Every entry below should be written out exactly, and no image should appear.

Stored data:
———

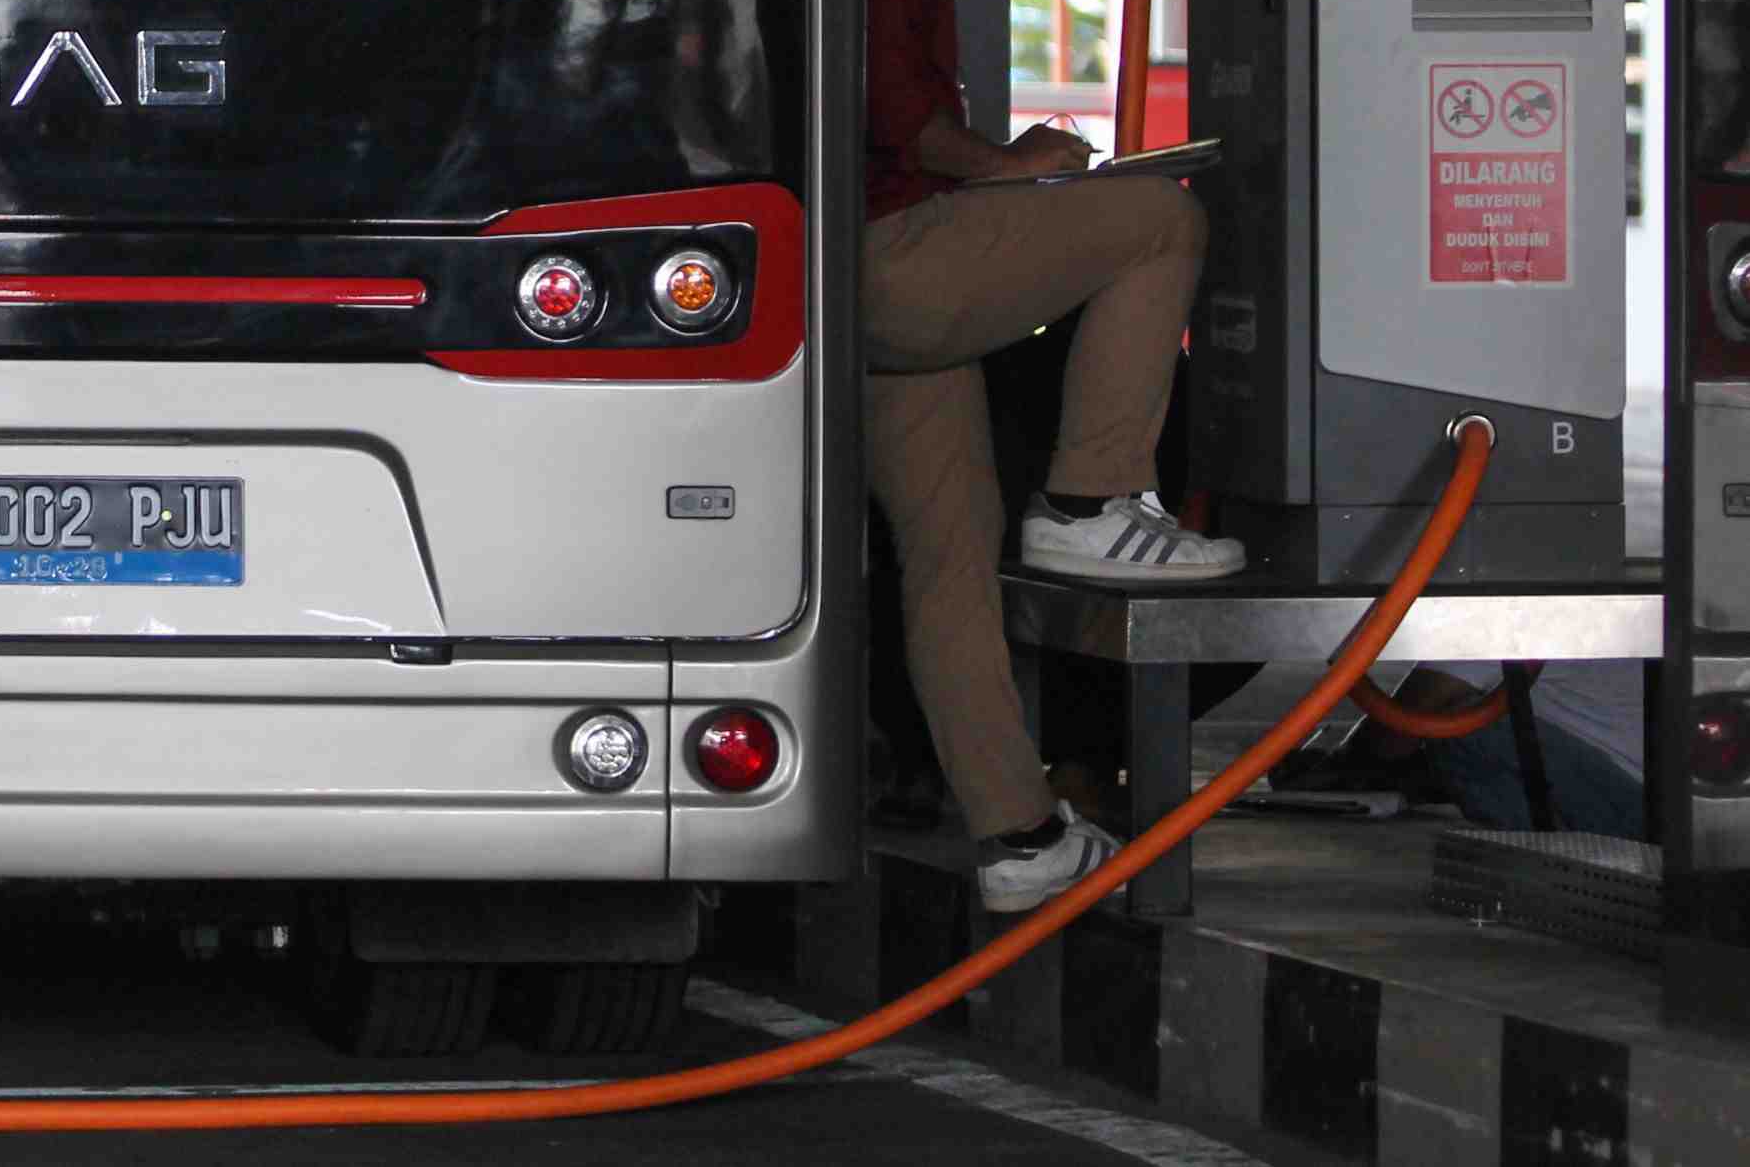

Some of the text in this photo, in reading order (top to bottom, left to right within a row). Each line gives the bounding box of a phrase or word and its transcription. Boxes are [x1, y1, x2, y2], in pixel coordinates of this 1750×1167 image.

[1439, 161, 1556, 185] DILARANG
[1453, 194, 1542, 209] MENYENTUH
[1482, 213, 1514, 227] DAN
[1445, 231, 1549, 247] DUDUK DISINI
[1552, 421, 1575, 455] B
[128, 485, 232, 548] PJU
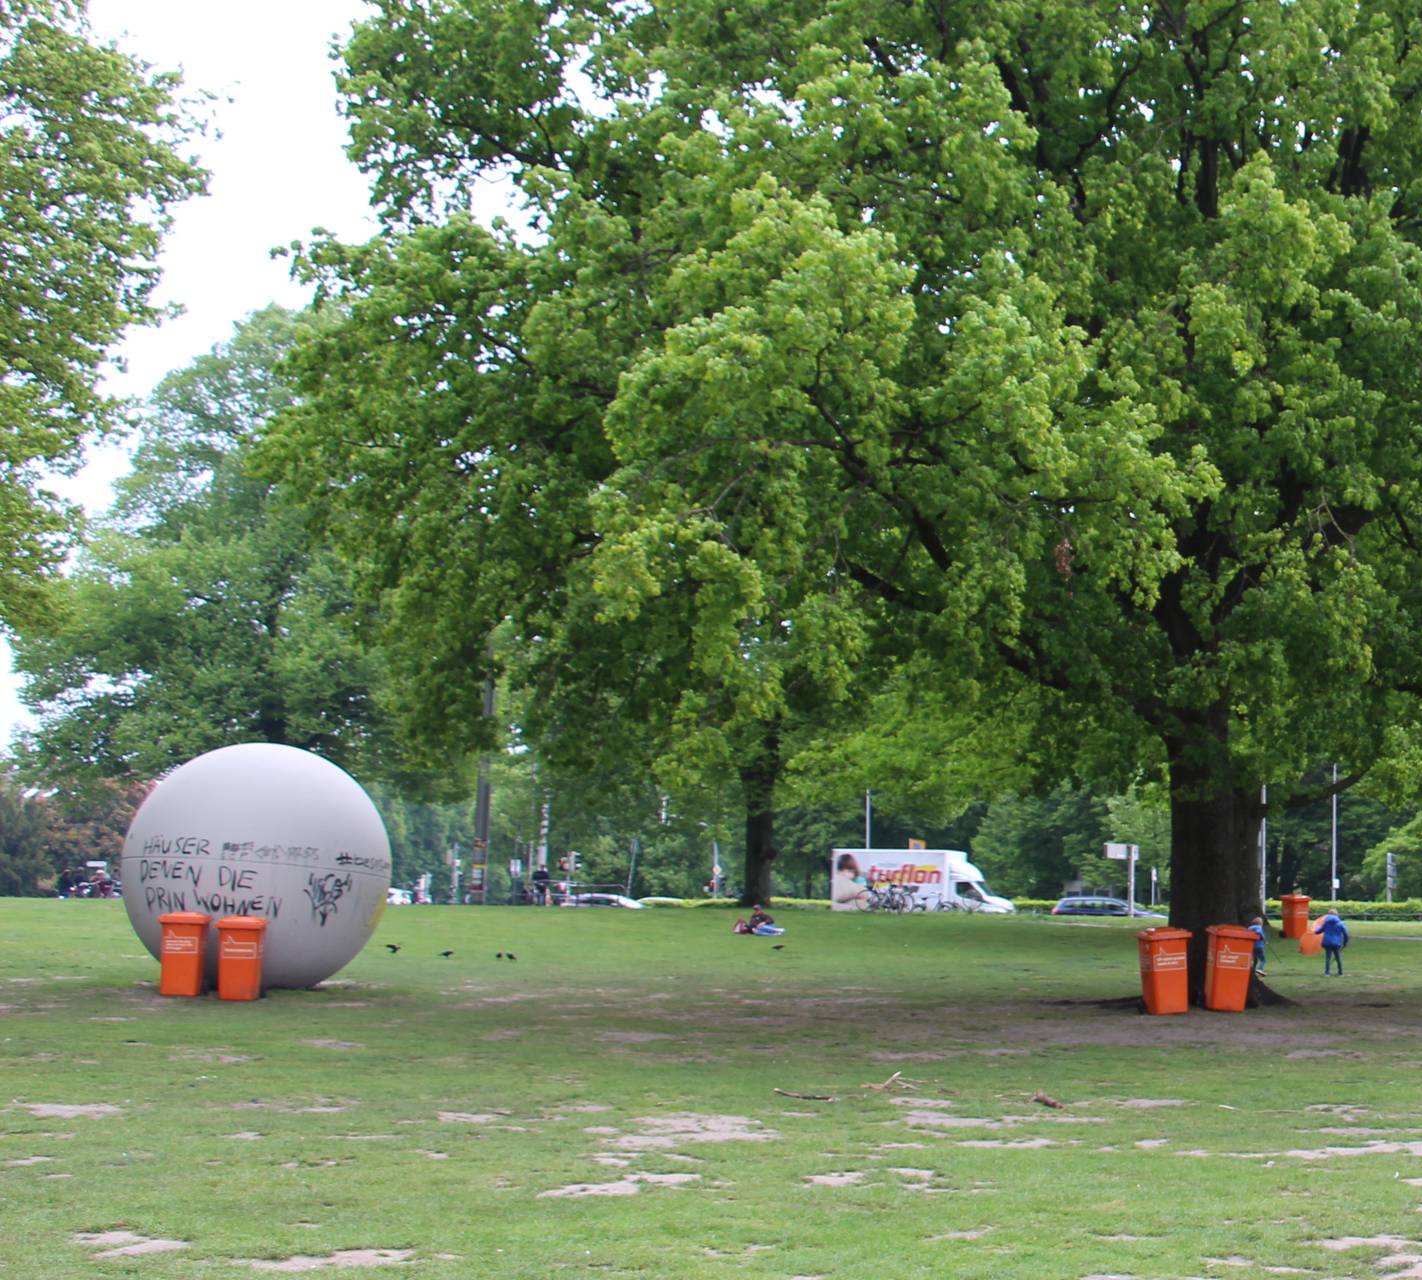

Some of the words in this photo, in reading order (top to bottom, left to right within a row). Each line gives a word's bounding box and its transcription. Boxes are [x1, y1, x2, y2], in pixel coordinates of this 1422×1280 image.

———

RESPONSE BELOW
Some of the text in this photo, in reading order (top to bottom, left to right within a row). Each line gives the bounding box of a phrase or word and its transcription. Boxes are [x1, y1, x2, y2], in pixel coordinates of this 1750×1167 image.

[1439, 161, 1556, 185] DILARANG
[1453, 194, 1542, 209] MENYENTUH
[1482, 213, 1514, 227] DAN
[1445, 231, 1549, 247] DUDUK DISINI
[1552, 421, 1575, 455] B
[128, 485, 232, 548] PJU

Some of the words in this photo, in reading order (top to bottom, left to right within a row). Each line gives a word's bounding box and its transcription. Boxes are [x1, y1, x2, y2], in pixel coordinates of this 1422×1280 image.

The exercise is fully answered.